(EXERCISE DESCRIPTION) A faithful, word-for-word copy of the data below is required, without pictures.

Referring expression grounding data
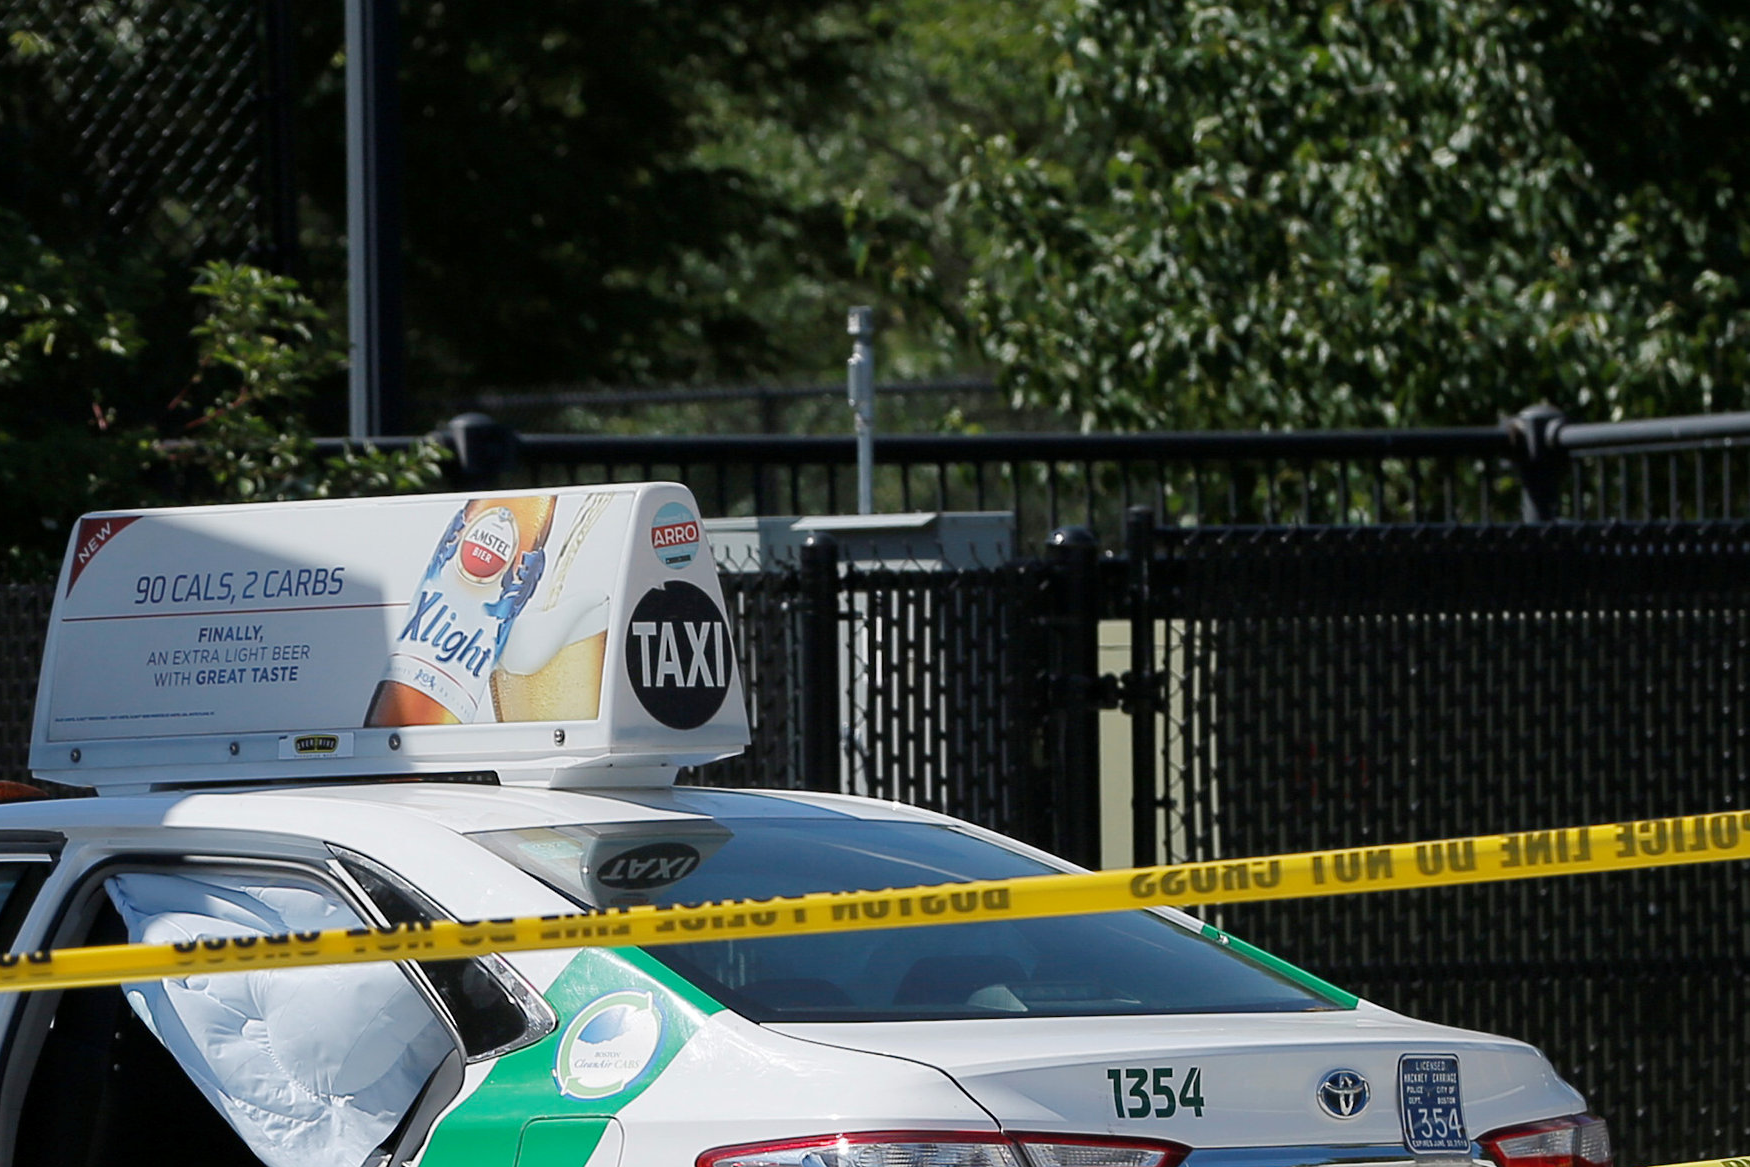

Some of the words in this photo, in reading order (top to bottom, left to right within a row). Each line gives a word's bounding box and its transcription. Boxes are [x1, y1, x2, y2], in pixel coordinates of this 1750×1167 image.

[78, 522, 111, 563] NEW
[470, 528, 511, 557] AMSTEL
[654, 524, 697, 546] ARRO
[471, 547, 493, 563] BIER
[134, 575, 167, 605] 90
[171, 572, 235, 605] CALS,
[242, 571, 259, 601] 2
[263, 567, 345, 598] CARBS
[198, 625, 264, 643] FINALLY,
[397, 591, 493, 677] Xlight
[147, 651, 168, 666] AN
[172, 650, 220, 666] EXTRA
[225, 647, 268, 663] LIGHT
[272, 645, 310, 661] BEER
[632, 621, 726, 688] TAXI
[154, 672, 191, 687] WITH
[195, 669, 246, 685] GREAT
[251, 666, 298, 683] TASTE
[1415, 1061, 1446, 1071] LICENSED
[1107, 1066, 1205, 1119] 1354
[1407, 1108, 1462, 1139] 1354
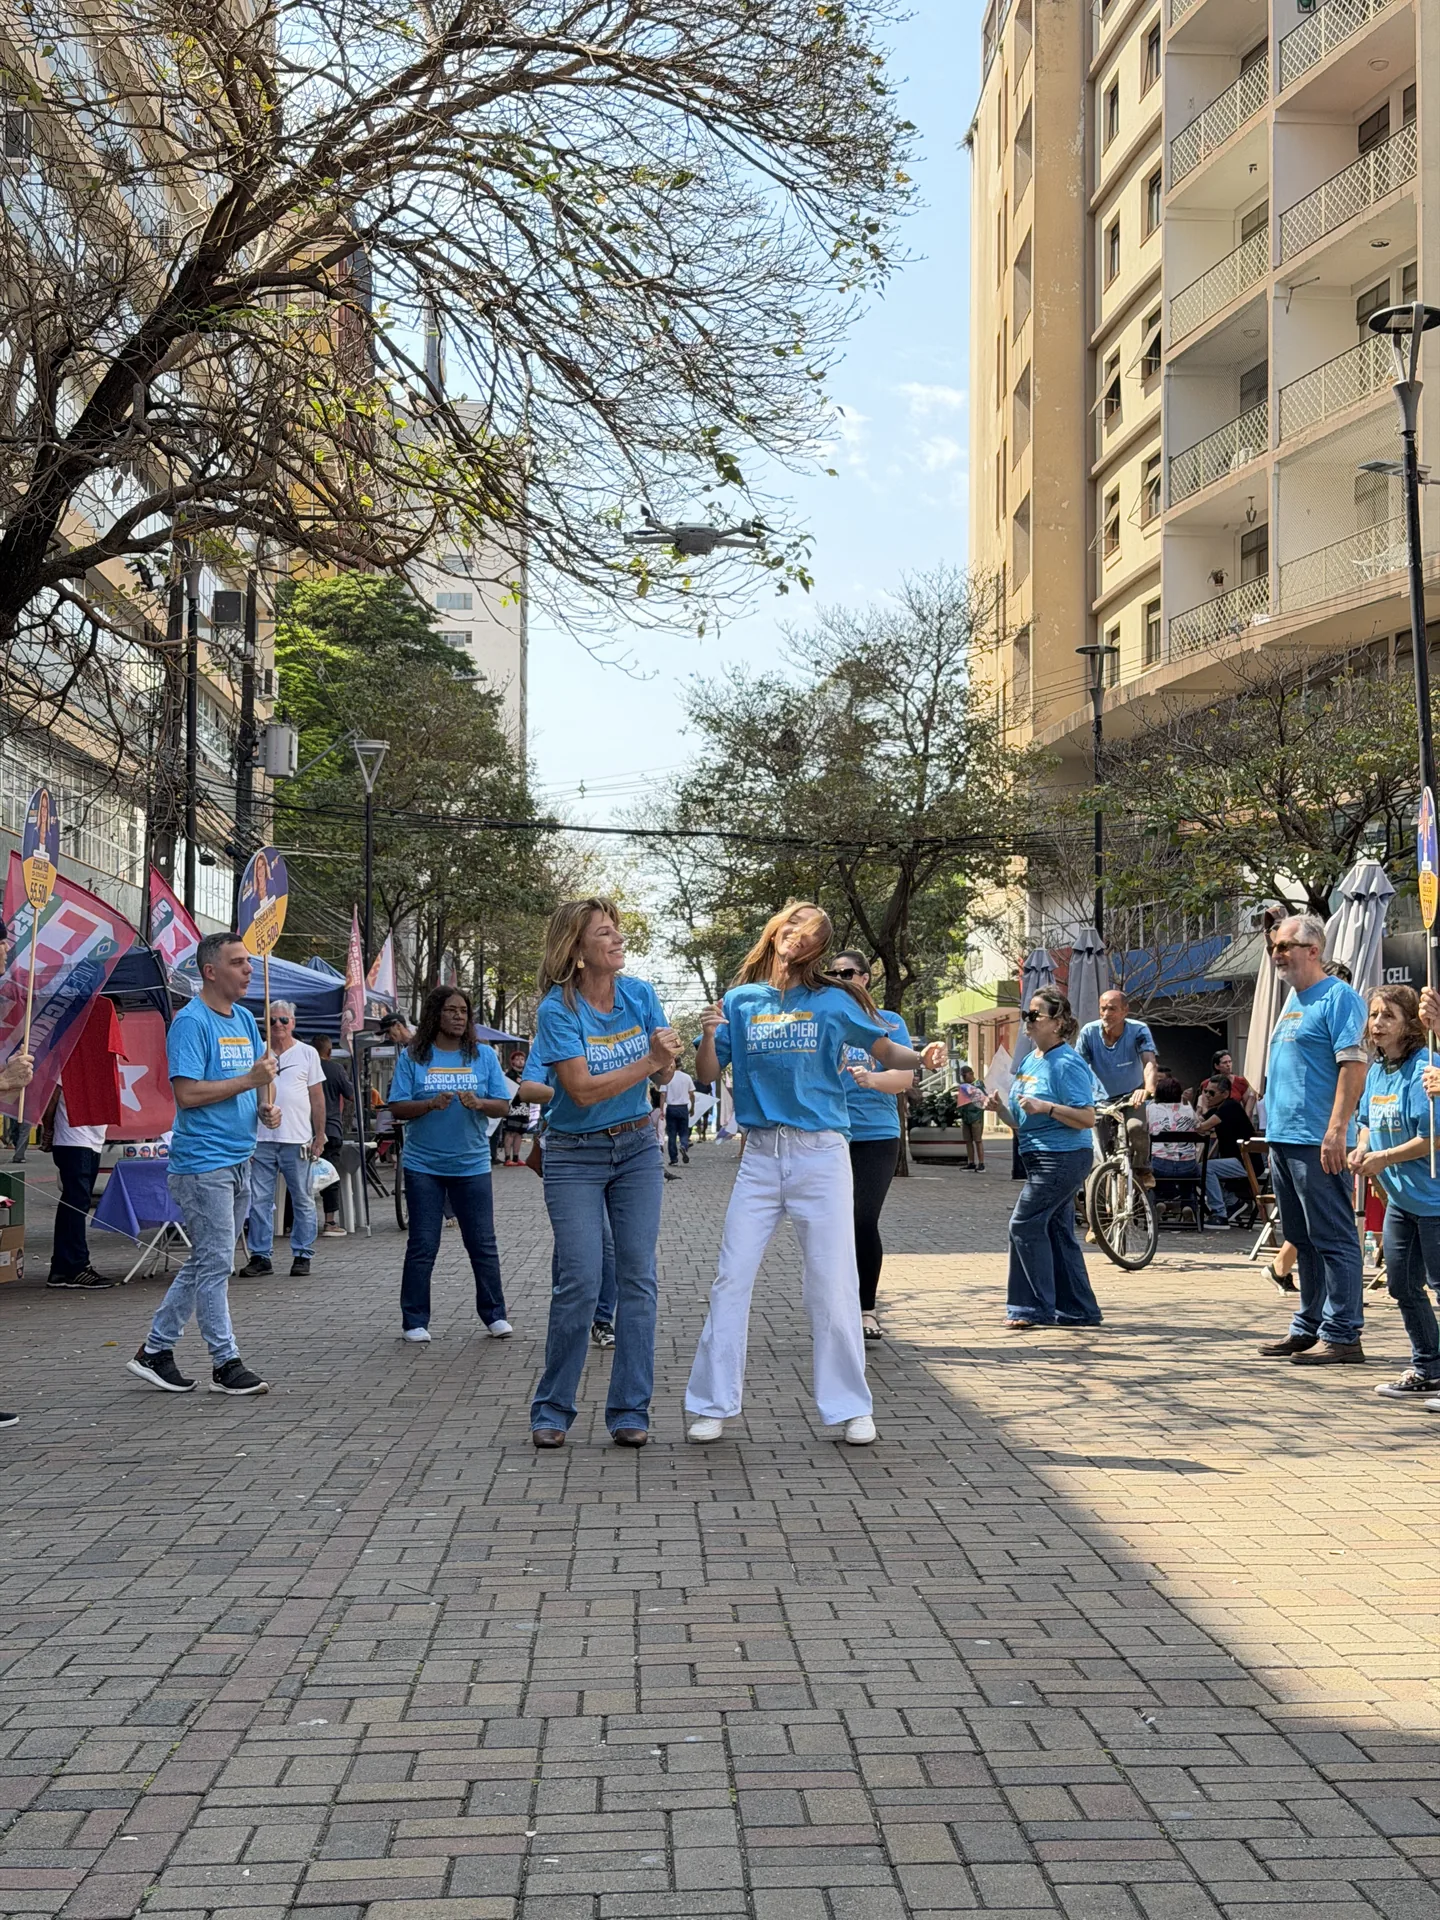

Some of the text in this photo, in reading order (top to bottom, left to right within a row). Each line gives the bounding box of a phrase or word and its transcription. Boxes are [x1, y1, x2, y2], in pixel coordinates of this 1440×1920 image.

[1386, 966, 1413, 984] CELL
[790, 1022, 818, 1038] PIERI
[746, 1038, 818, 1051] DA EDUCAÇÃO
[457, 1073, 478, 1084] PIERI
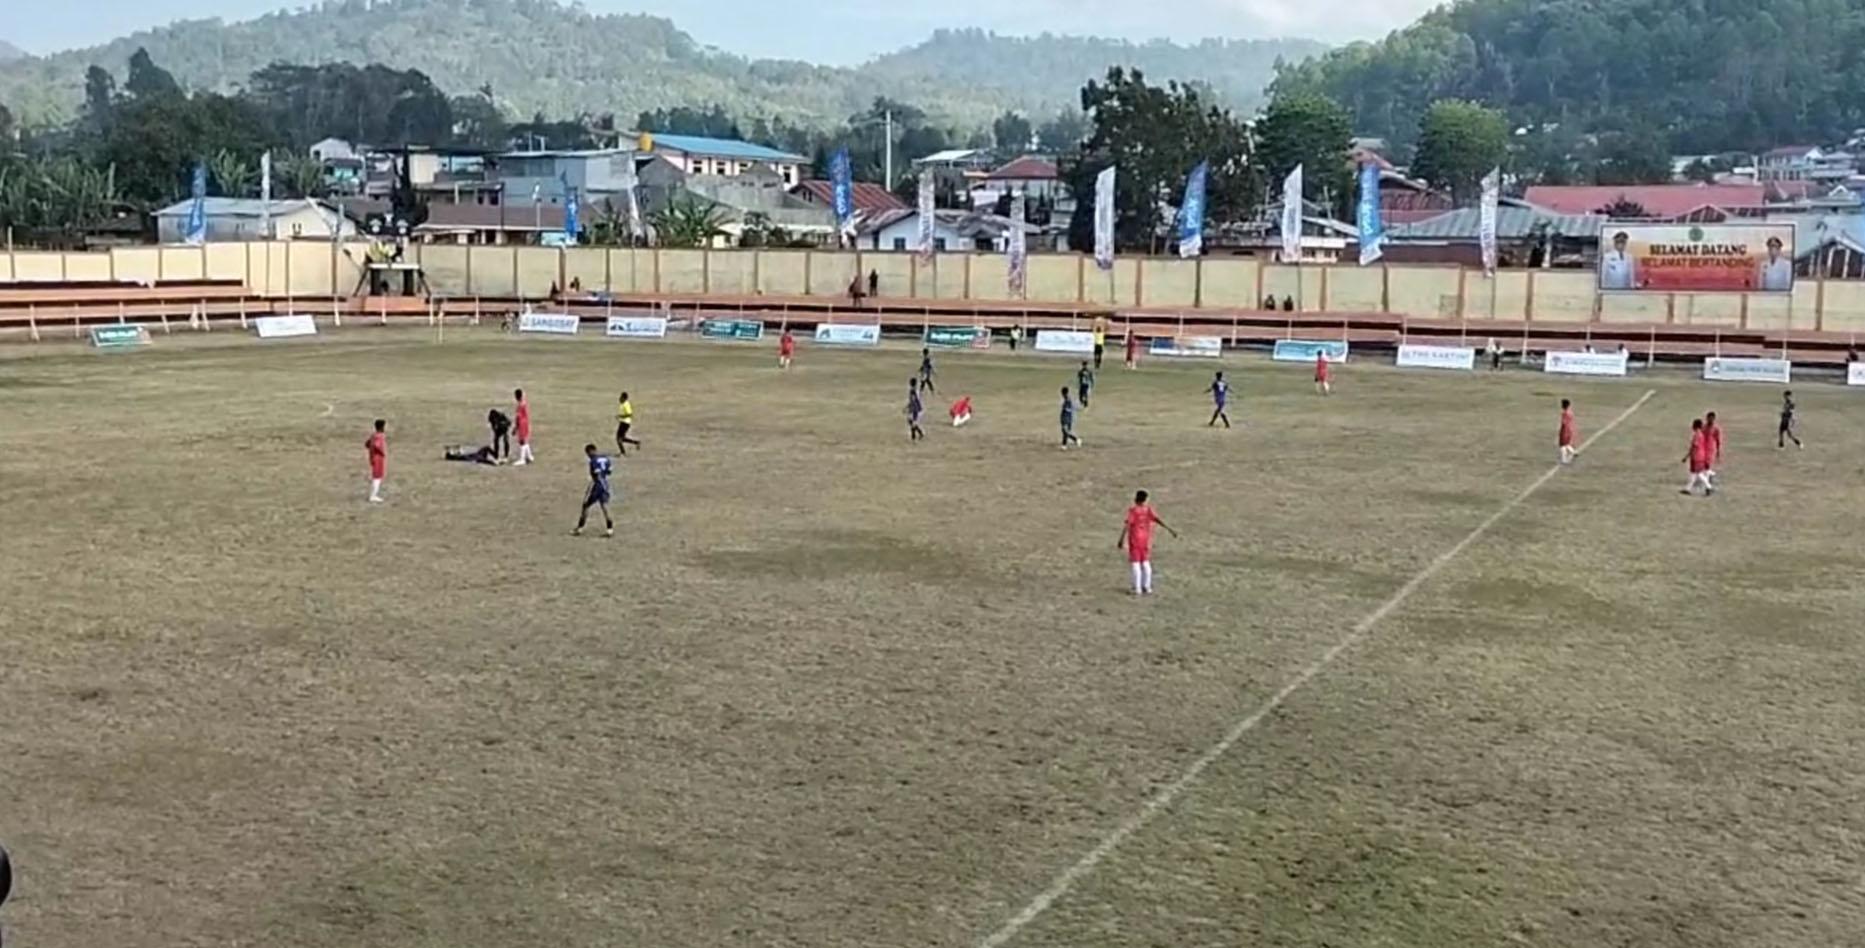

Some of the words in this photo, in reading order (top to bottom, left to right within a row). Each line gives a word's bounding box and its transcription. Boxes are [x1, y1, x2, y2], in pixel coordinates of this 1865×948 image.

(ANSWER FOR THIS EXERCISE)
Some of the words in this photo, in reading order (top to bottom, left to right within a row). Each line gives a word's bounding box and its transcription. Boxes are [x1, y1, x2, y2], in pixel coordinates of this 1750×1167 image.

[78, 522, 111, 563] NEW
[470, 528, 511, 557] AMSTEL
[654, 524, 697, 546] ARRO
[471, 547, 493, 563] BIER
[134, 575, 167, 605] 90
[171, 572, 235, 605] CALS,
[242, 571, 259, 601] 2
[263, 567, 345, 598] CARBS
[198, 625, 264, 643] FINALLY,
[397, 591, 493, 677] Xlight
[147, 651, 168, 666] AN
[172, 650, 220, 666] EXTRA
[225, 647, 268, 663] LIGHT
[272, 645, 310, 661] BEER
[632, 621, 726, 688] TAXI
[154, 672, 191, 687] WITH
[195, 669, 246, 685] GREAT
[251, 666, 298, 683] TASTE
[1415, 1061, 1446, 1071] LICENSED
[1107, 1066, 1205, 1119] 1354
[1407, 1108, 1462, 1139] 1354

Some of the text in this photo, in reading order (top to bottom, left to right within a row). Each line gives the bounding box of a phrase or word and its transcription. Boxes are [x1, y1, x2, y2], in pixel coordinates of this 1440×1920 image.

[1386, 966, 1413, 984] CELL
[790, 1022, 818, 1038] PIERI
[746, 1038, 818, 1051] DA EDUCAÇÃO
[457, 1073, 478, 1084] PIERI

Some of the words in this photo, in reading order (top to bottom, left to right within a row). Each line gives a word's bounding box and its transcription. Boxes are [x1, y1, x2, y2], in pixel coordinates of this 1865×948 image.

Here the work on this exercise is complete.